Nas duas horas e pouco de conversa, entre comerciantes e presidente da Câmara e seus acompanhantes, o que se passou foi “mais democrático” do que conclusivo, apesar de se perceber que vai tudo ficar na mesma, sem soluções e apenas com propostas simples para cada estação do ano. Tudo para figurar num caderno de apontamentos sem nada a reter porque os queriam “ver mais e melhor” vão continuar ver defraudadas as suas expectativas. E ninguém está a ver – pelo que se notou na Plataforma de Artes – alguém vir a acossar o presidente da Câmara, pedindo-lhe o fecho de artérias aos carros, invertendo papéis e funções, como nunca se viu. Até porque, a presidente da ACTG diz que “os meus associados” não defendem esta solução e como a cidade fosse também “propriedade” corporativa, de interesses instalados ou de donos de lojas de uma certa rua…
Divididos – já entre sectores de actividade, o comércio tradicional e a hotelaria – os comerciantes mostraram não caminhar para um estado de associativismo forte e dinâmico e moderno, seguindo até os melhores exemplos de organização sectorial do país ou da região.
Os “seus interesses” vão continuar a ser defendidos por terceiros, tal como a ACIG fez ao longo de muitos anos, deixando que os seus representantes fossem tudo, menos comerciantes de gema.

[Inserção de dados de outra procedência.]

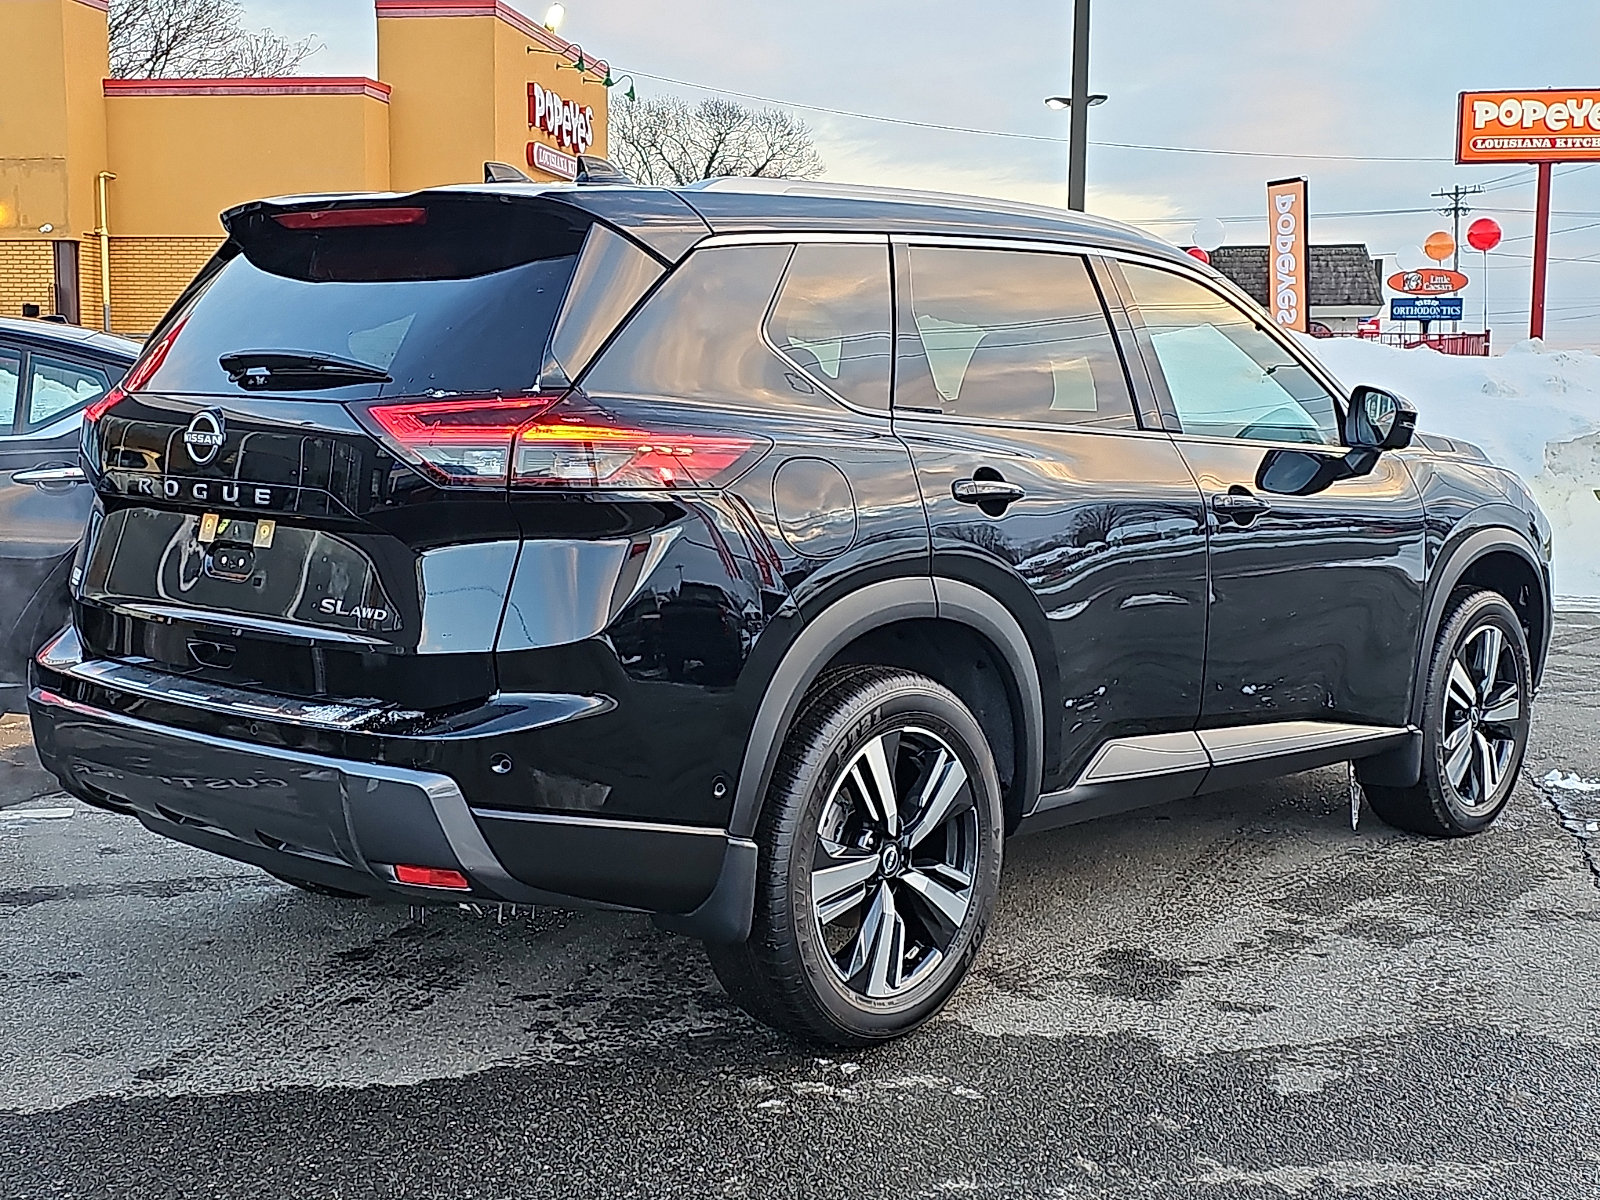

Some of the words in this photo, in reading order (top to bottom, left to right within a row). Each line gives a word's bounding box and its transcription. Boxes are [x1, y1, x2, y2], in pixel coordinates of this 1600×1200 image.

[1475, 138, 1551, 148] LOUISIANA
[1393, 306, 1461, 315] ORTHODONTICS
[185, 432, 222, 446] NISSAN
[138, 477, 272, 505] ROGUE
[319, 598, 349, 616] SL
[349, 606, 388, 621] AWD

E deixaram claro que “aceitam” que o Municipio lhes vá pagando a “despesa corrente”, derivada das iluminações de Natal, e até a “animação” da cidade por uns “gigantones ou zés pereiras” ou que alguém possa “dar música” em épocas festivas, ou se encarregue de “números circenses” que tragam mais gente para as ruas, sem a convicção de que isso possa levar mais consumidores para dentro das lojas.
O que todos aceitam é que se faça o “trivial”, numa cidade desajeitada para o comércio, sempre a chorar pelo êxito dos concorrentes vizinhos, como se o acto de comprar ou viver na cidade fosse desgarrado de uma “vivência mais urbana” de qualidade.
Apesar de o presidente da Câmara ter chegado à Plataforma das Artes, com o Reitor da Universidade do Minho, da presidente do IPCA, da representante da Universidade das Nações Unidas e de alguns vereadores, o certo é que naquela “noite” apenas se ouviram as vozes de Domingos Bragança e dos comerciantes, num diálogo que não se sabe será prenúncio de alguma coisa.